Your assignment:
The whole listing is to be given again without alteration, except that its pictures are dropped.

"""

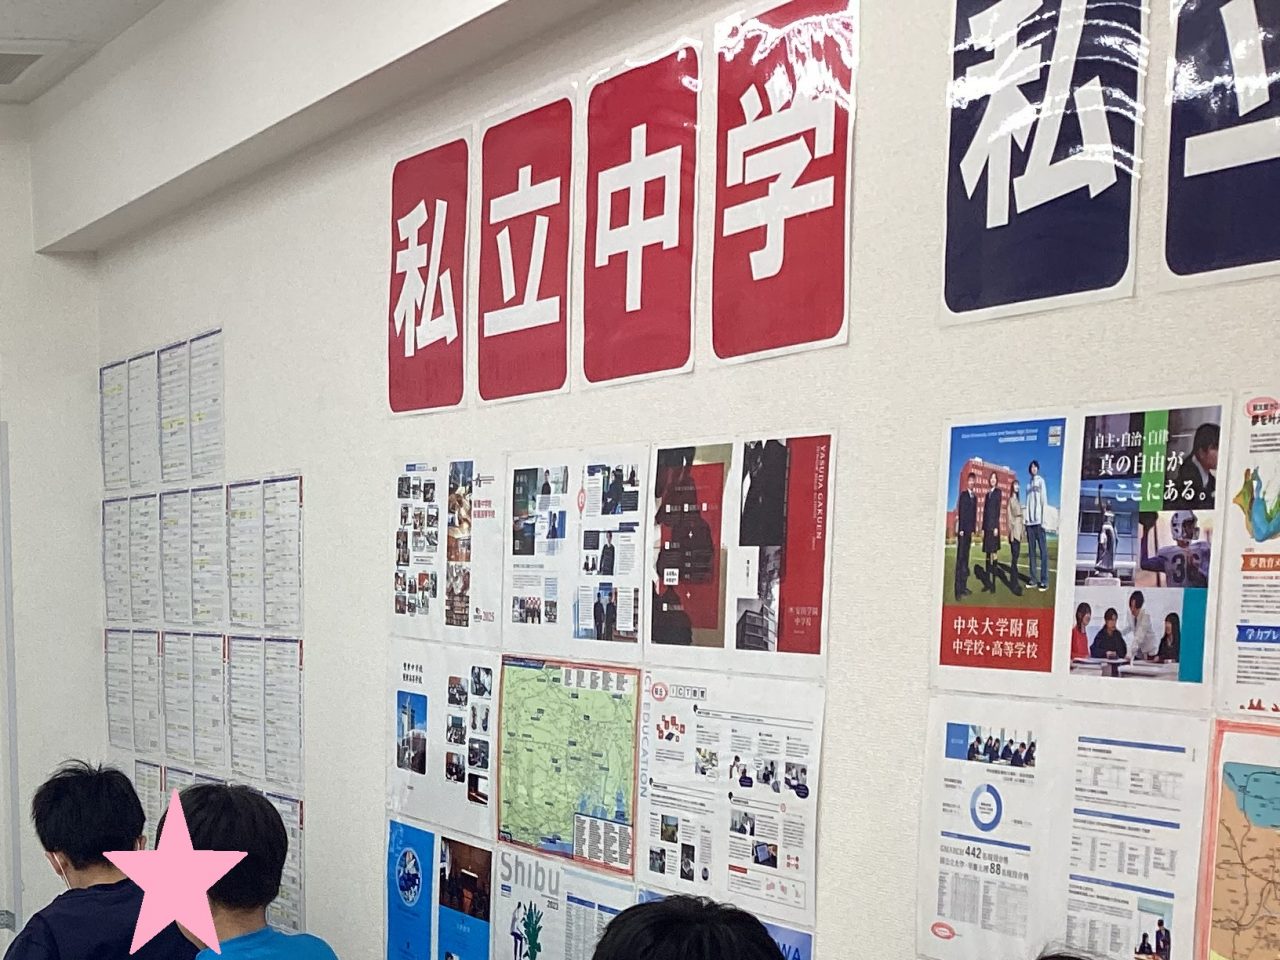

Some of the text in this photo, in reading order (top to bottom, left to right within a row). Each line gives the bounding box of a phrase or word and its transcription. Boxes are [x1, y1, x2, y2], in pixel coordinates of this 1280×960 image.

[393, 83, 834, 357] 私立中学
[1099, 450, 1185, 476] 真の自由が
[1115, 479, 1207, 502] ここにある。
[953, 616, 1040, 639] 中央大学附属
[500, 851, 560, 896] Shibu
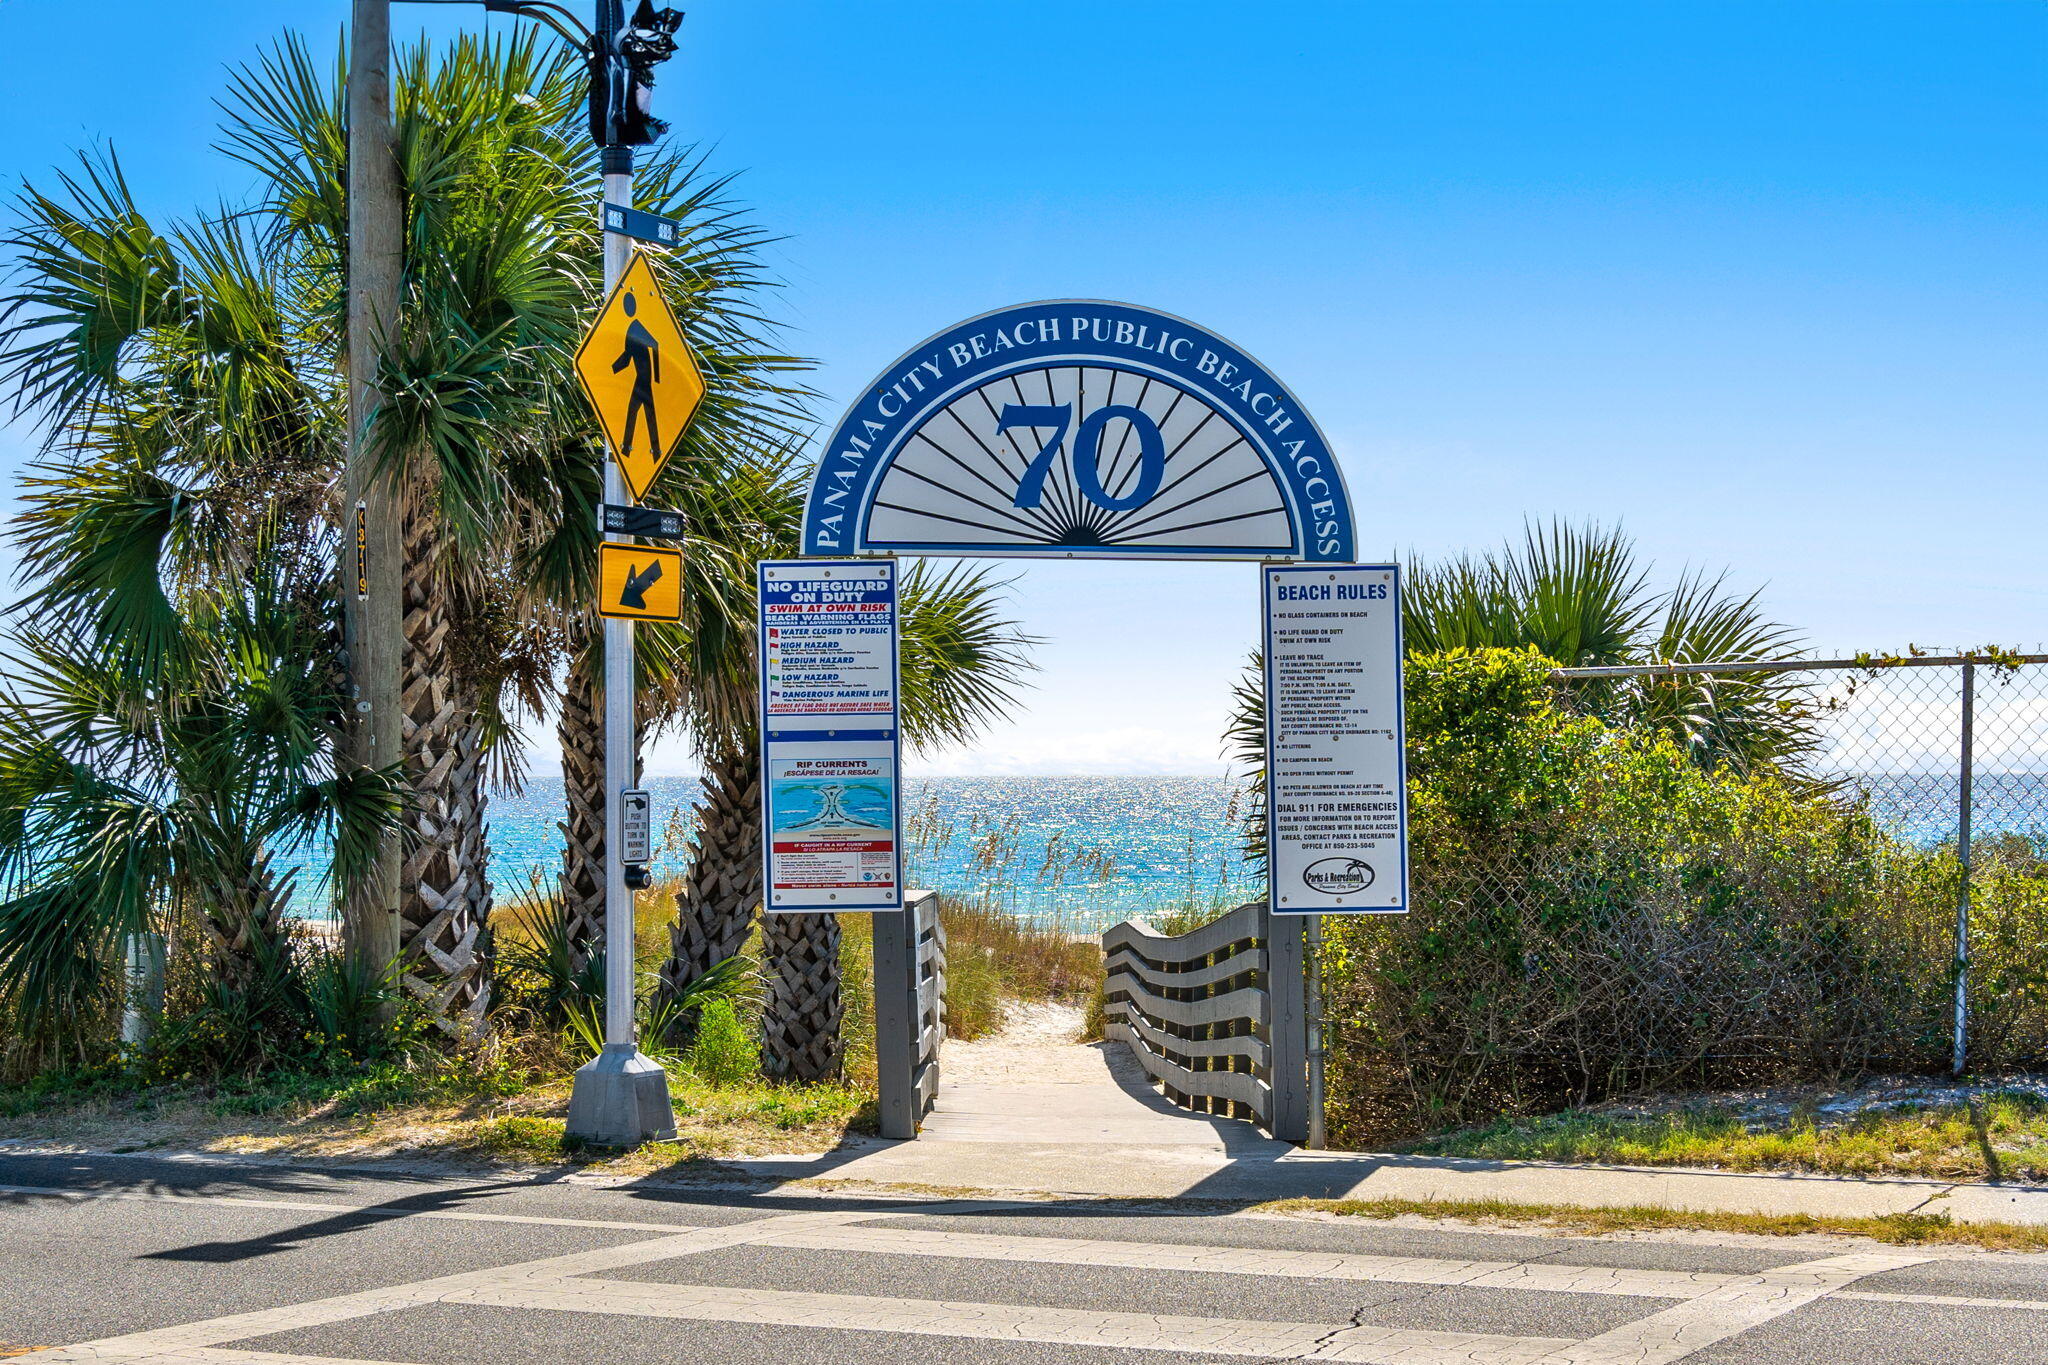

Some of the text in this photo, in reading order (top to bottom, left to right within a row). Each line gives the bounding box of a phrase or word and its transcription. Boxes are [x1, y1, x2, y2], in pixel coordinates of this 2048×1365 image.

[817, 317, 1340, 556] PANAMA CITY BEACH PUBLIC BEACH ACCESS
[996, 401, 1165, 511] 70
[767, 581, 888, 592] NO LIFEGUARD
[1278, 584, 1387, 600] BEACH RULES
[791, 592, 864, 602] ON DUTY
[1308, 873, 1360, 882] Parks & Recreation

"""

Solution below:
Some of the text in this photo, in reading order (top to bottom, left to right within a row). Each line gives the bounding box of a phrase or word and its transcription. Boxes are [x1, y1, x2, y2], in pixel coordinates of this 1280×960 image.

[393, 83, 834, 357] 私立中学
[1099, 450, 1185, 476] 真の自由が
[1115, 479, 1207, 502] ここにある。
[953, 616, 1040, 639] 中央大学附属
[500, 851, 560, 896] Shibu

Some of the text in this photo, in reading order (top to bottom, left to right within a row). Each line gives the bounding box of a phrase or word and its transcription. Boxes are [x1, y1, x2, y2], in pixel coordinates of this 2048×1365 image.

[817, 317, 1340, 556] PANAMA CITY BEACH PUBLIC BEACH ACCESS
[996, 401, 1165, 511] 70
[767, 581, 888, 592] NO LIFEGUARD
[1278, 584, 1387, 600] BEACH RULES
[791, 592, 864, 602] ON DUTY
[1308, 873, 1360, 882] Parks & Recreation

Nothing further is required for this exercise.